(Stored items from a collection)

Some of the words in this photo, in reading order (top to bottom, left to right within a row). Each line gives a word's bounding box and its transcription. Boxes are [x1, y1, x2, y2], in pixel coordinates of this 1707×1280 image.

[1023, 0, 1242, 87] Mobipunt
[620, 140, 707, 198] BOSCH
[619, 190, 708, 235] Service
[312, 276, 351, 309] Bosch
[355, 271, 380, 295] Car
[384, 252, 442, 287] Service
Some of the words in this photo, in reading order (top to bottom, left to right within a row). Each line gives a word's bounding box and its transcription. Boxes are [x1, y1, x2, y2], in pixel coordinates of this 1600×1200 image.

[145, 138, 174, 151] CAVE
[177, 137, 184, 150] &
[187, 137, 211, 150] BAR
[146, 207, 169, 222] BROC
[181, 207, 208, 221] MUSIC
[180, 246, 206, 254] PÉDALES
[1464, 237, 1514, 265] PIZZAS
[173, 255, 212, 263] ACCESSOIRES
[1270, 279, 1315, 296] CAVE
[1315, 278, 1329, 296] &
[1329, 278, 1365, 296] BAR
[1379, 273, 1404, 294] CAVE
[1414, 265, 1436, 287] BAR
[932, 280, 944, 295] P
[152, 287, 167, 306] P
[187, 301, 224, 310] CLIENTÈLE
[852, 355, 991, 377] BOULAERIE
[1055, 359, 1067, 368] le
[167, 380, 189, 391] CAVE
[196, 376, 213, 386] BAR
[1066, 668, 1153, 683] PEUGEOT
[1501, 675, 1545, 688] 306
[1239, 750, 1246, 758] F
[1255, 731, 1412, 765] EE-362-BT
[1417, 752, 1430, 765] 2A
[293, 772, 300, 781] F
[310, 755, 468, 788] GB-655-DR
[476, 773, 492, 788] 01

● **ACTION ITEM**:
Transcribe each entry exactly as it appears.

● **TASK ANSWER**:
Some of the words in this photo, in reading order (top to bottom, left to right within a row). Each line gives a word's bounding box and its transcription. Boxes are [x1, y1, x2, y2], in pixel coordinates of this 1707×1280 image.

[1023, 0, 1242, 87] Mobipunt
[620, 140, 707, 198] BOSCH
[619, 190, 708, 235] Service
[312, 276, 351, 309] Bosch
[355, 271, 380, 295] Car
[384, 252, 442, 287] Service
Some of the words in this photo, in reading order (top to bottom, left to right within a row). Each line gives a word's bounding box and its transcription. Boxes are [x1, y1, x2, y2], in pixel coordinates of this 1600×1200 image.

[145, 138, 174, 151] CAVE
[177, 137, 184, 150] &
[187, 137, 211, 150] BAR
[146, 207, 169, 222] BROC
[181, 207, 208, 221] MUSIC
[180, 246, 206, 254] PÉDALES
[1464, 237, 1514, 265] PIZZAS
[173, 255, 212, 263] ACCESSOIRES
[1270, 279, 1315, 296] CAVE
[1315, 278, 1329, 296] &
[1329, 278, 1365, 296] BAR
[1379, 273, 1404, 294] CAVE
[1414, 265, 1436, 287] BAR
[932, 280, 944, 295] P
[152, 287, 167, 306] P
[187, 301, 224, 310] CLIENTÈLE
[852, 355, 991, 377] BOULAERIE
[1055, 359, 1067, 368] le
[167, 380, 189, 391] CAVE
[196, 376, 213, 386] BAR
[1066, 668, 1153, 683] PEUGEOT
[1501, 675, 1545, 688] 306
[1239, 750, 1246, 758] F
[1255, 731, 1412, 765] EE-362-BT
[1417, 752, 1430, 765] 2A
[293, 772, 300, 781] F
[310, 755, 468, 788] GB-655-DR
[476, 773, 492, 788] 01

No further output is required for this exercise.